AVAILABLE DATA: Begin

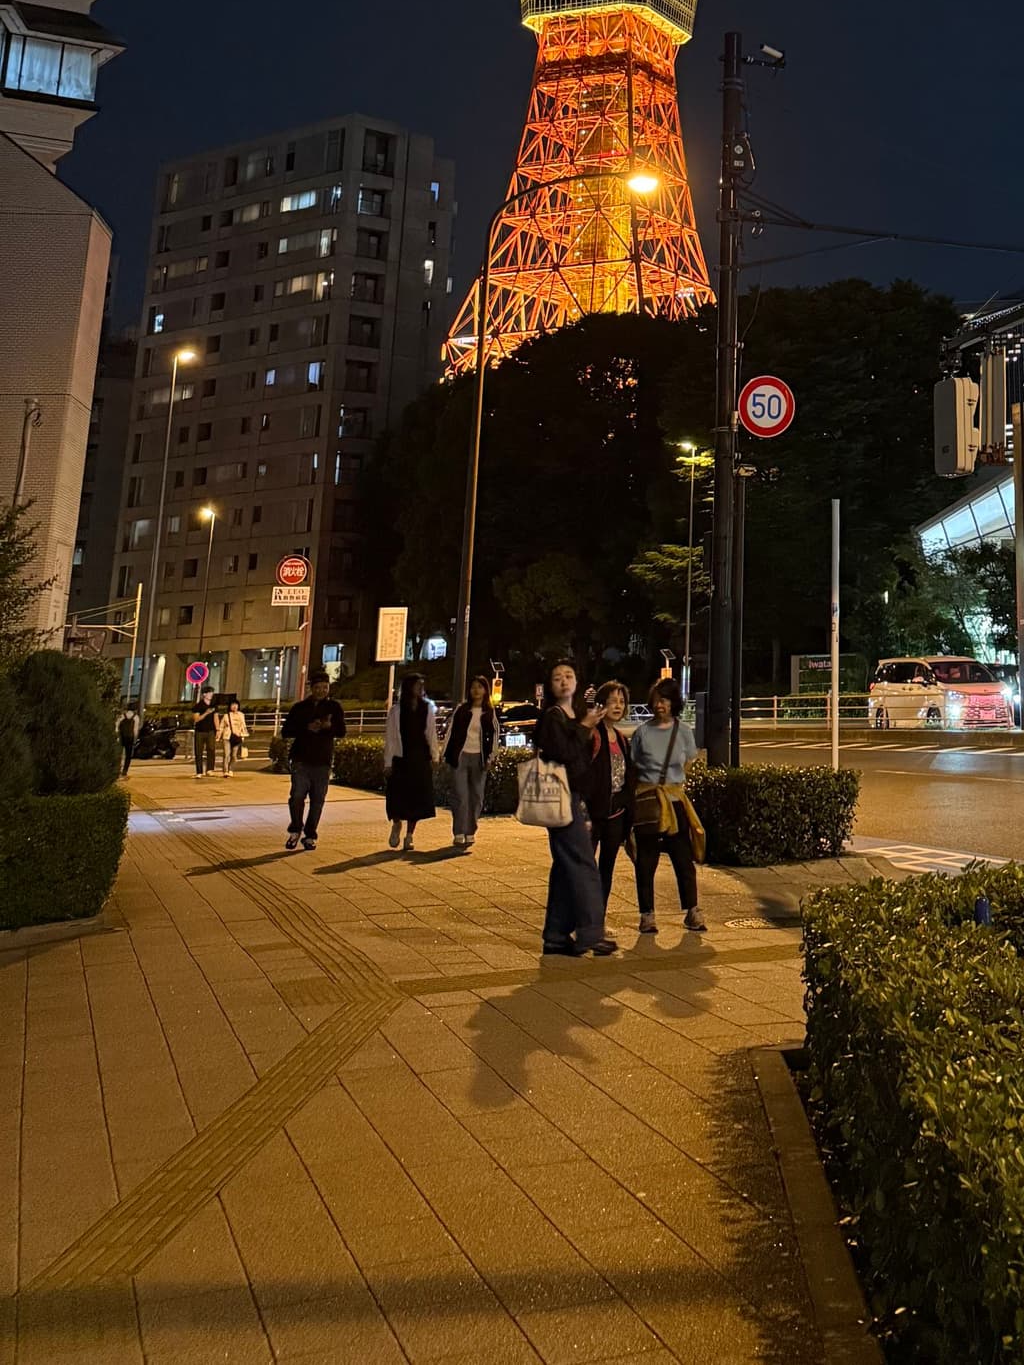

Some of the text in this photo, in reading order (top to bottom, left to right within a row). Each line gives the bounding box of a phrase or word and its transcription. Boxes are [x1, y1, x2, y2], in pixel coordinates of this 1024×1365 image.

[751, 392, 782, 420] 50
[282, 565, 305, 577] 消火栓
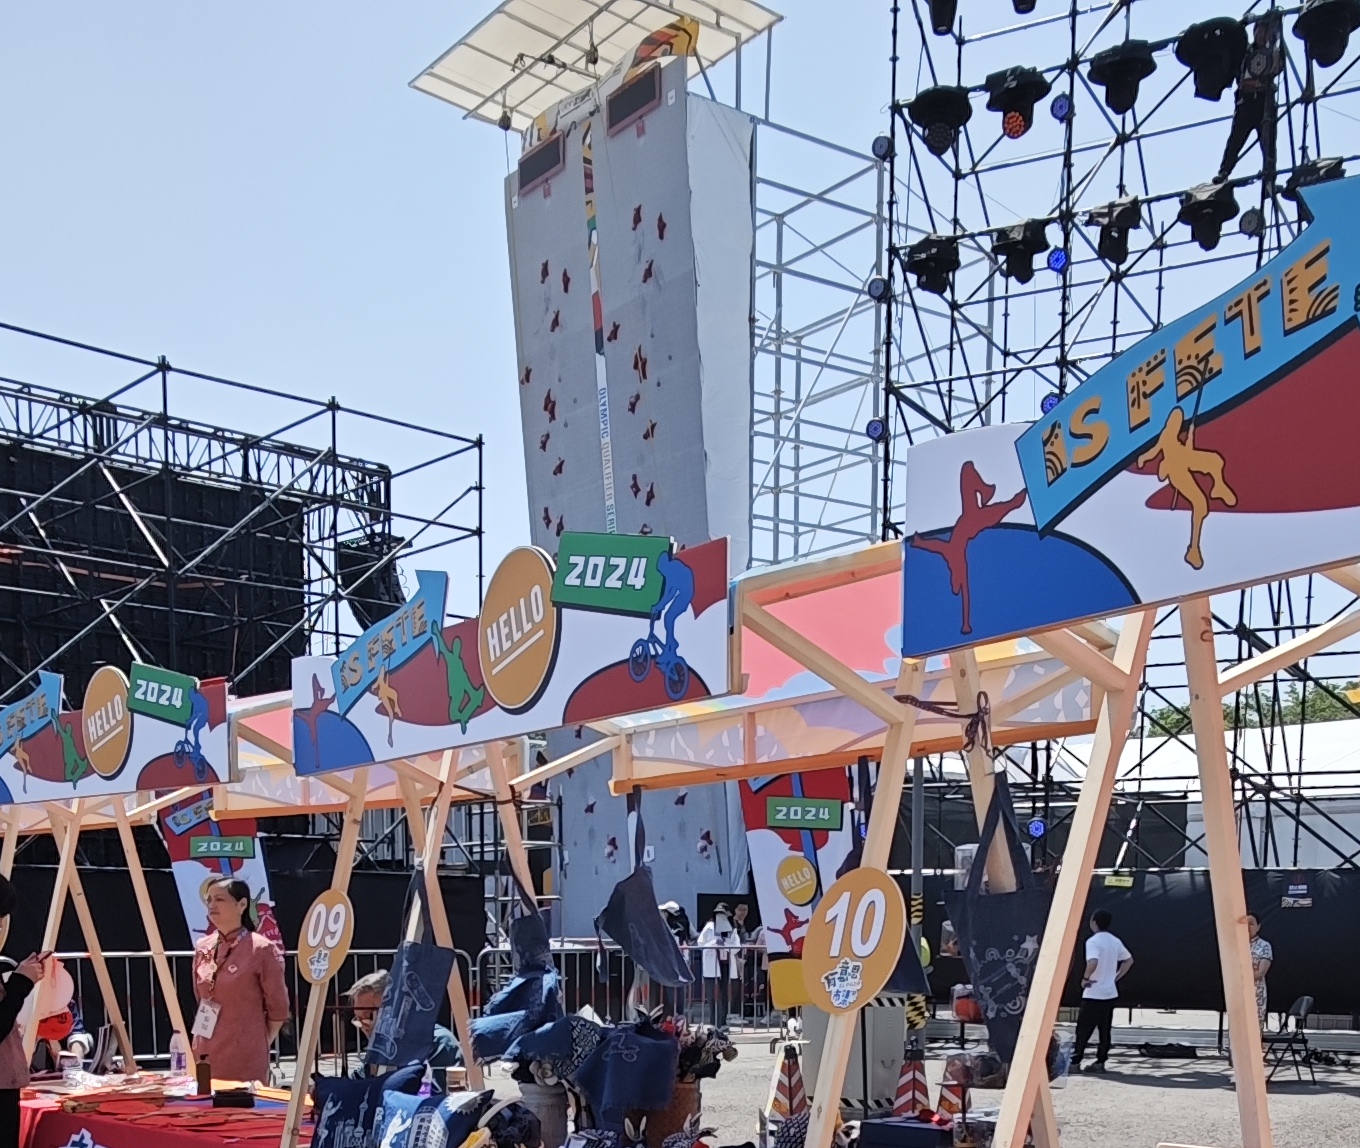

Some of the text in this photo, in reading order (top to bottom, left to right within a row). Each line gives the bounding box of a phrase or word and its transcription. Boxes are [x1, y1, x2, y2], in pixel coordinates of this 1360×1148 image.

[1042, 238, 1341, 487] IS FETE
[598, 387, 610, 439] OLYMPIC
[606, 503, 616, 533] SERI
[564, 555, 648, 590] 2024
[367, 599, 428, 673] FETE
[486, 583, 545, 662] HELLO
[134, 679, 183, 709] 2024
[87, 694, 124, 741] HELLO
[774, 806, 830, 821] 2024
[197, 841, 244, 852] 2024
[781, 867, 812, 891] HELLO
[307, 903, 346, 948] 09
[824, 888, 887, 958] 10

AVAILABLE DATA: End

> [WHAT TO DO]: Reproduce every line above as written, skipping pictures.

> [RESULT OF THE EXERCISE]:
Some of the text in this photo, in reading order (top to bottom, left to right within a row). Each line gives the bounding box of a phrase or word and its transcription. Boxes are [x1, y1, x2, y2], in pixel coordinates of this 1024×1365 image.

[751, 392, 782, 420] 50
[282, 565, 305, 577] 消火栓

Some of the text in this photo, in reading order (top to bottom, left to right within a row). Each line gives the bounding box of a phrase or word and its transcription. Boxes are [x1, y1, x2, y2], in pixel coordinates of this 1360×1148 image.

[1042, 238, 1341, 487] IS FETE
[598, 387, 610, 439] OLYMPIC
[606, 503, 616, 533] SERI
[564, 555, 648, 590] 2024
[367, 599, 428, 673] FETE
[486, 583, 545, 662] HELLO
[134, 679, 183, 709] 2024
[87, 694, 124, 741] HELLO
[774, 806, 830, 821] 2024
[197, 841, 244, 852] 2024
[781, 867, 812, 891] HELLO
[307, 903, 346, 948] 09
[824, 888, 887, 958] 10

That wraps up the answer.